L’article 4 de l’ordonnance du 25 mars 2020 prévoit que :
- les personnes physiques et morales de droit privé exerçant une activité économique qui sont susceptibles de bénéficier du fonds de solidarité et celles qui poursuivent leur activité dans le cadre d’une procédure de sauvegarde, de redressement judiciaire ou de liquidation judiciaire ;
- « ne peuvent encourir de pénalités financières ou intérêts de retard, de dommages-intérêts, d’astreinte, d’exécution de clause résolutoire, de clause pénale ou de toute clause prévoyant une déchéance, ou d’activation des garanties ou cautions, en raison du défaut de paiement de loyers ou de charges locatives afférents à leurs locaux professionnels et commerciaux» ;
- « nonobstant toute stipulation contractuelle et les dispositions des articles L622-14 et L641-12 du Code de commerce».

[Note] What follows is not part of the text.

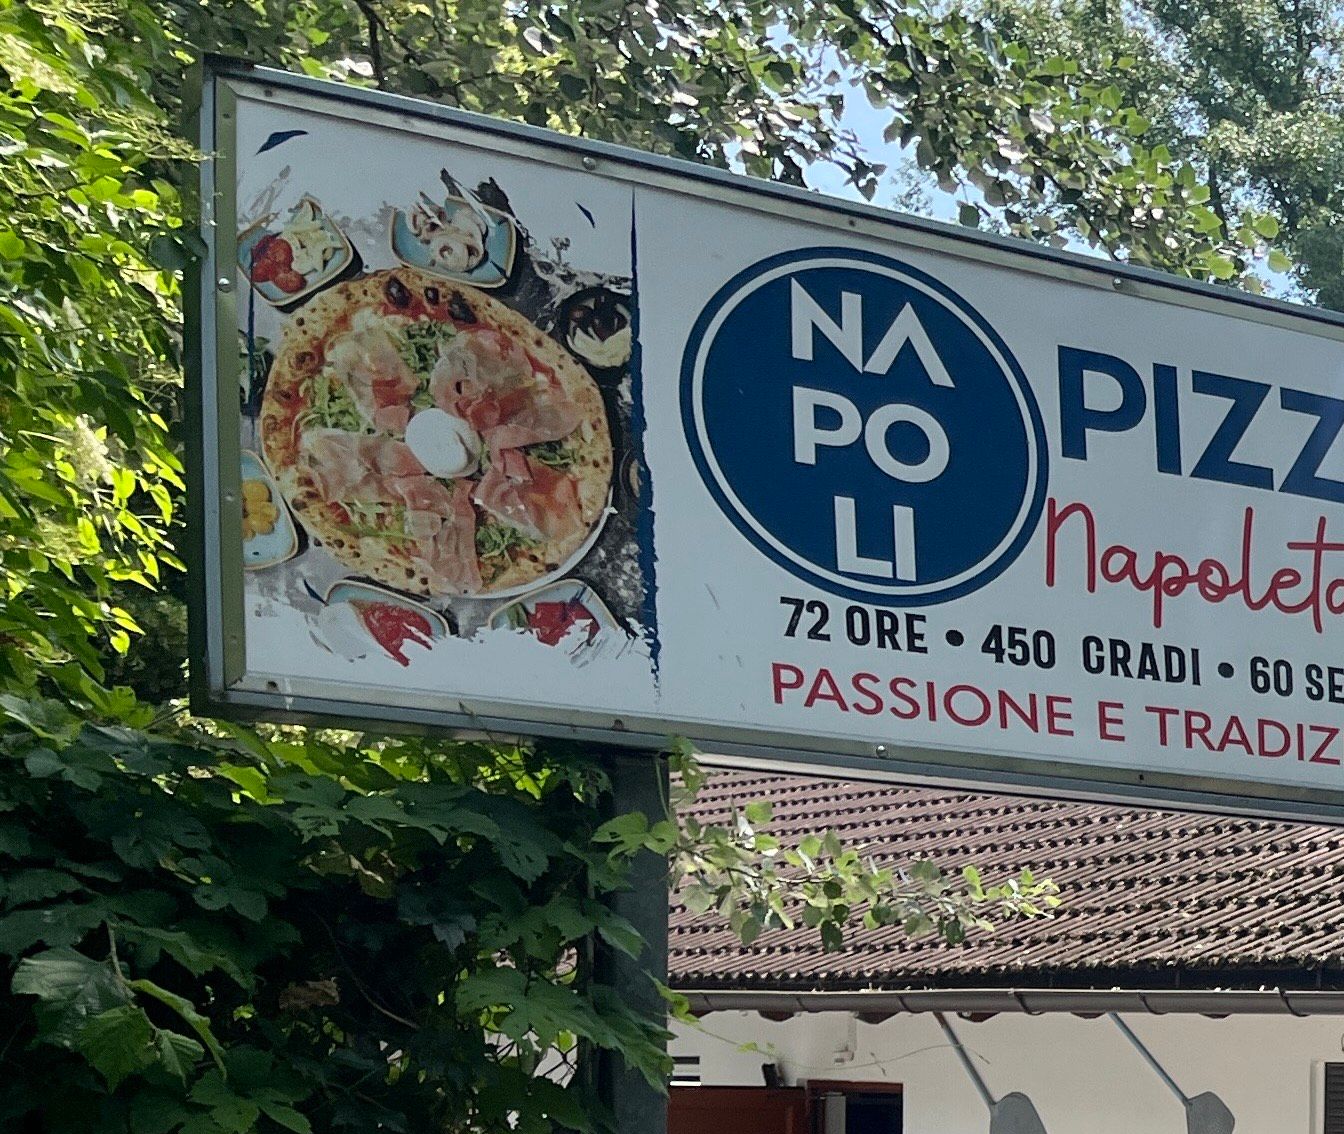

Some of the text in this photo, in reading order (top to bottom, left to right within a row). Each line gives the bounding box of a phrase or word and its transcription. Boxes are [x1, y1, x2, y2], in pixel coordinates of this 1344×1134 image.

La loi du 22 mars 2020 précisait que la mesure concerne uniquement les microentreprises, et non les petites et moyennes entreprises (PME), les entreprises de taille intermédiaire (ETI) et les grandes entreprises (GE).

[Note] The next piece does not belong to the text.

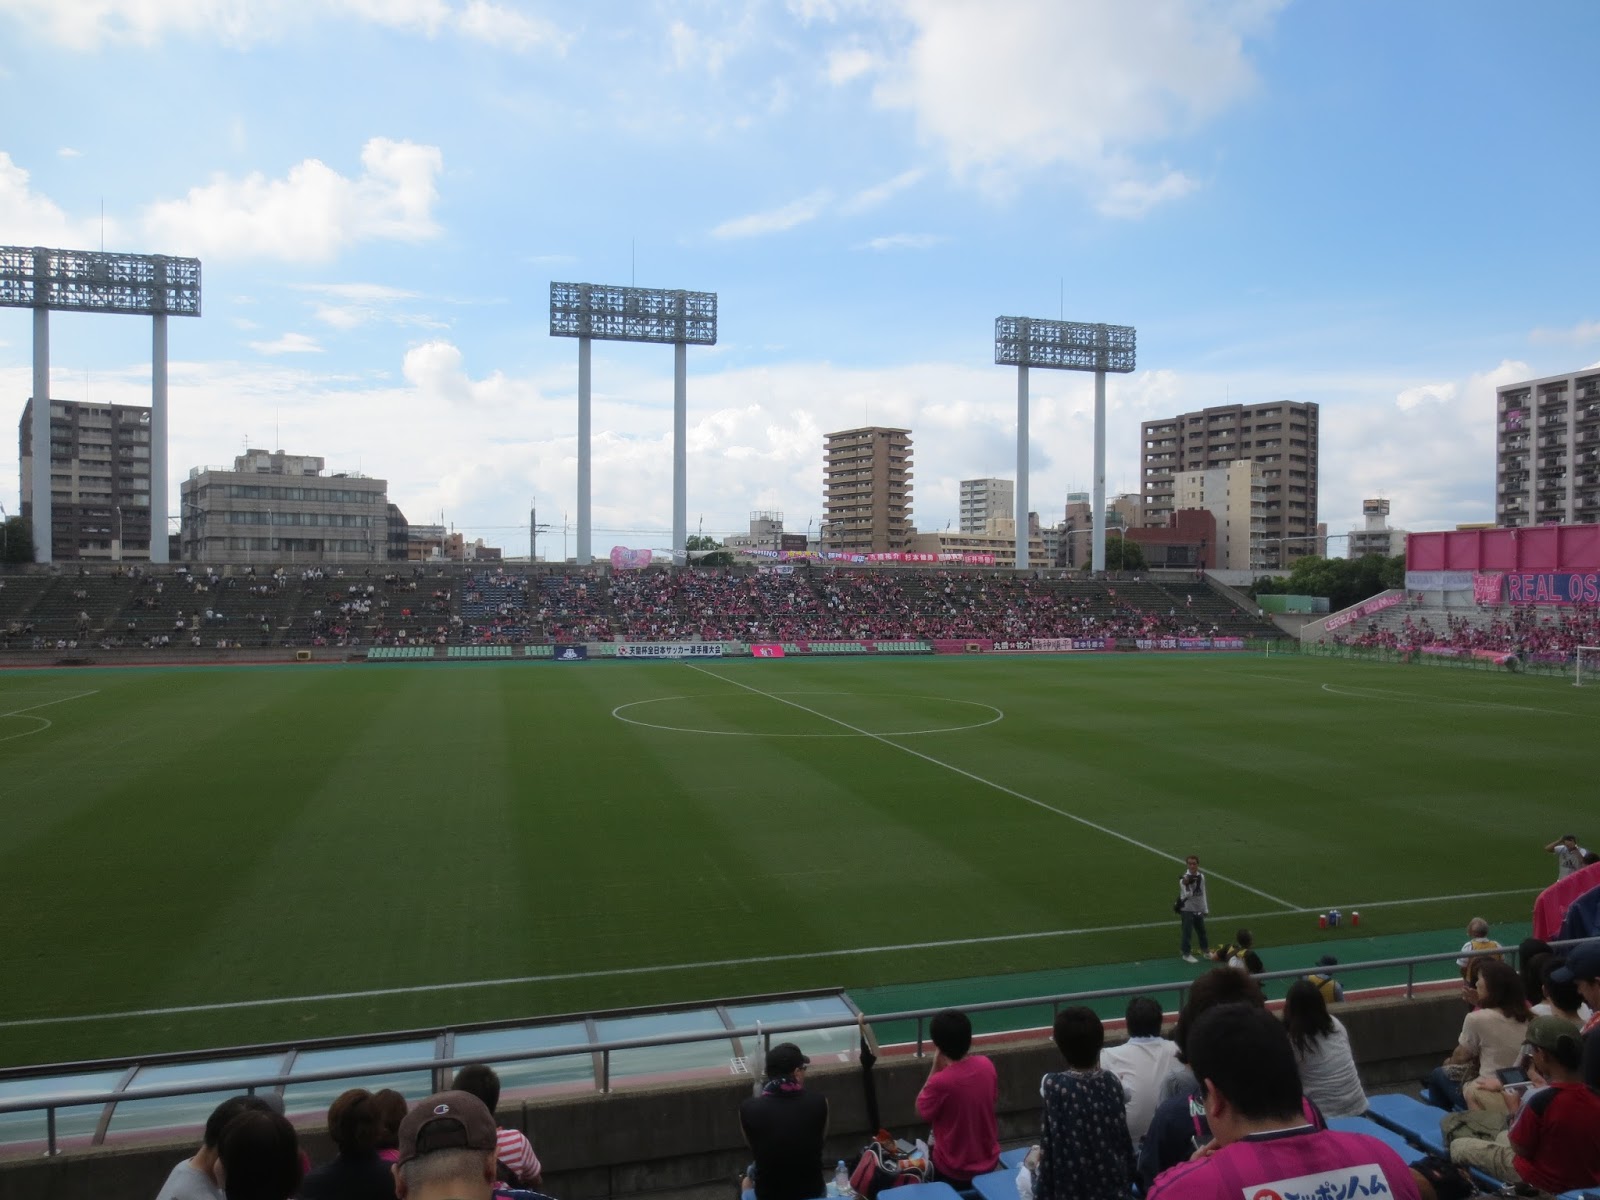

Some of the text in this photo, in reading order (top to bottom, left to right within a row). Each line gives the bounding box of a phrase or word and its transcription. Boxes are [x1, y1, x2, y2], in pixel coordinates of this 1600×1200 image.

[1508, 573, 1600, 605] REAL OS
[1324, 611, 1358, 632] CEREZO
[629, 645, 721, 655] 天皇杯全日本サッカー選手権大会
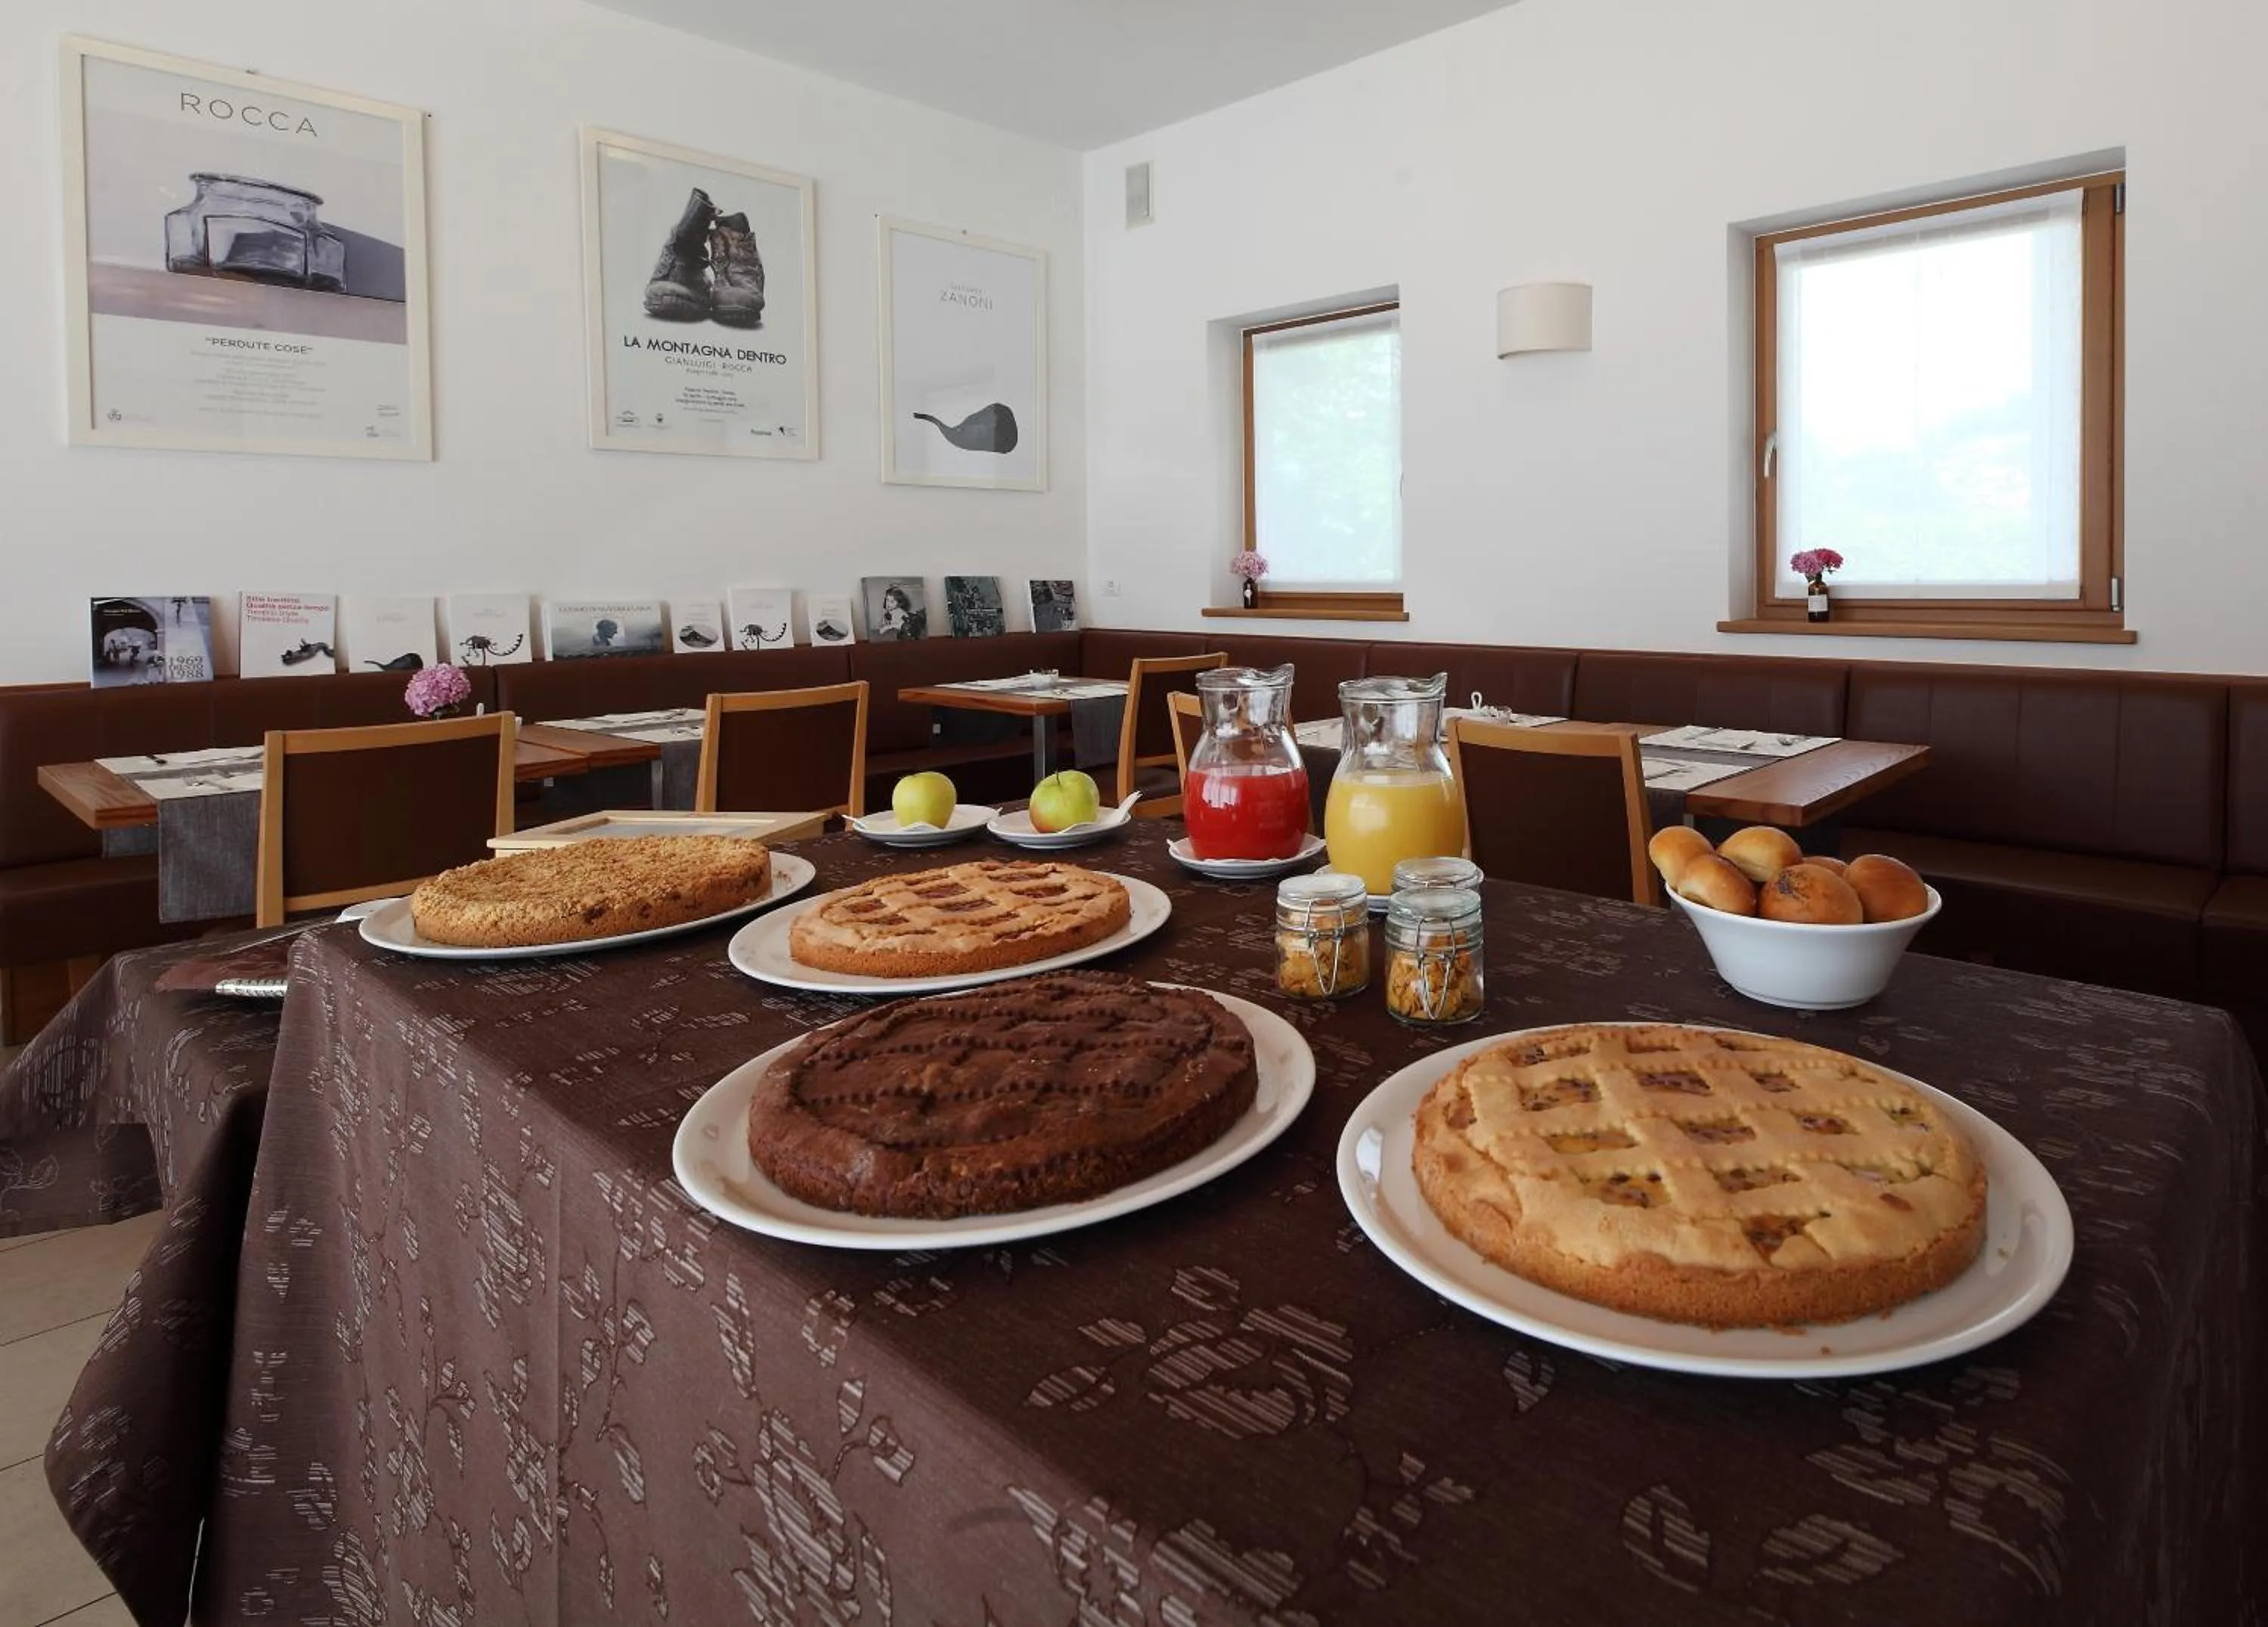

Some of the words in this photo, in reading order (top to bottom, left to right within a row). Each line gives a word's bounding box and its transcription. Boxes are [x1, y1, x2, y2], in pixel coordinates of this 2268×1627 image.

Une microentreprise est une entreprise qui :
– d’une part, occupe moins de 10 personnes ;
Sont concernés par cette mesure les locataires de baux commerciaux qui exercent leur activité dans le local.

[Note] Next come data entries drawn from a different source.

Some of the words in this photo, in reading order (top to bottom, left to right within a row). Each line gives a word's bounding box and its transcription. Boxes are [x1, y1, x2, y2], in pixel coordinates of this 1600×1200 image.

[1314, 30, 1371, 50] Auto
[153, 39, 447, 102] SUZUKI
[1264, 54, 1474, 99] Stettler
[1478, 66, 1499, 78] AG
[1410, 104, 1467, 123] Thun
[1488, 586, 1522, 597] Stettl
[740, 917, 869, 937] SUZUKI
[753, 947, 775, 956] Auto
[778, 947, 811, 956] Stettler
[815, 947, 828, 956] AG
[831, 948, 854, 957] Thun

Le locataire aura tendance à tenter de démontrer auprès du propriétaire bailleur que son activité commerciale est particulièrement touchée « par les conséquences économiques, financières et sociales de la propagation du covid-19 et des mesures prises pour en limiter la propagation ».
Cette mesure pourrait profiter à des locataires dont la fermeture du commerce n’a pas été ordonnée, mais dont le chiffre d’affaires a été considérablement réduit par le confinement de la population.
Les critères d’éligibilité retenus par le Gouvernement paraissent moins stricts que ceux qui pourront être retenus pour l’application de la force majeure à l’article 1218 du Code civil.
En effet, la force majeure exige que le débiteur soit dans l’impossibilité totale d’honorer son engagement, tandis que dans le cadre de l’ordonnance du 25 mars 2020, il suffirait de prouver que l’activité commerciale est « particulièrement touchée » par les conséquences de l’épidémie ou du confinement.
Le locataire commercial n’aurait donc pas à démontrer que le paiement des loyers est rendu impossible par la survenance de l’épidémie de coronavirus mais simplement que son obligation est seulement plus difficile.
2) Quels sont les effets de l’ordonnance du 25 mars 2020 sur les loyers commerciaux ?
L’ordonnance n’autorise pas le locataire à ne pas payer son loyer commercial, même à titre provisoire.
L’ordonnance du 25 mars 2020 interdit simplement au bailleur de réclamer au locataire des intérêts de retard ou d’engager une procédure en résiliation de bail et d’expulsion.
Ainsi, le bailleur, qui n’est pas réglé de son loyer pendant cette période, ne pourra pas invoquer le bénéfice de la clause résolutoire insérée au bail dans un commandement de payer.
L’obligation de régler le loyer demeure, mais les effets de la non-exécution de cette obligation sont suspendus.
Plutôt qu’une suspension réelle des loyers, l’ordonnance prévoit la neutralisation des effets du non-paiement des loyers et charges.
L’exécution de l’obligation est seulement suspendue jusqu’à « l’expiration d’un délai de deux mois après la date de cessation de l’état d’urgence sanitaire. »
Ainsi, le locataire devra payer ses arriérés de loyer à la fin de l’épidémie.
3) A partir de quand cette mesure s’applique-t-elle ?
Ce texte s’applique aux loyers et charges locatives dont l’échéance de paiement intervient entre le 12 mars 2020 et l’expiration d’un délai de 2 mois après la date de cessation de l’état d’urgence sanitaire déclaré par la loi du 23 mars 2020.
Ne sont donc pas concernés les loyers échus impayés avant le 12 mars 2020.
Concrètement, les effets du non-paiement des loyers sont suspendus à compter du 2ème trimestre 2020 (que le loyer soit à terme échu ou à échoir) jusqu’à « l’expiration d’un délai de deux mois après la date de cessation de l’état d’urgence sanitaire. »
En conclusion, les locataires ne bénéficient pas d’une exonération de leur loyer pendant l’épidémie de CORONAVIRUS.
Il est donc vivement conseillé aux locataires de se rapprocher de leurs propriétaires bailleurs afin de convenir avec eux d’un échelonnement de leur dette locative à la fin de l’état d’urgence sanitaire.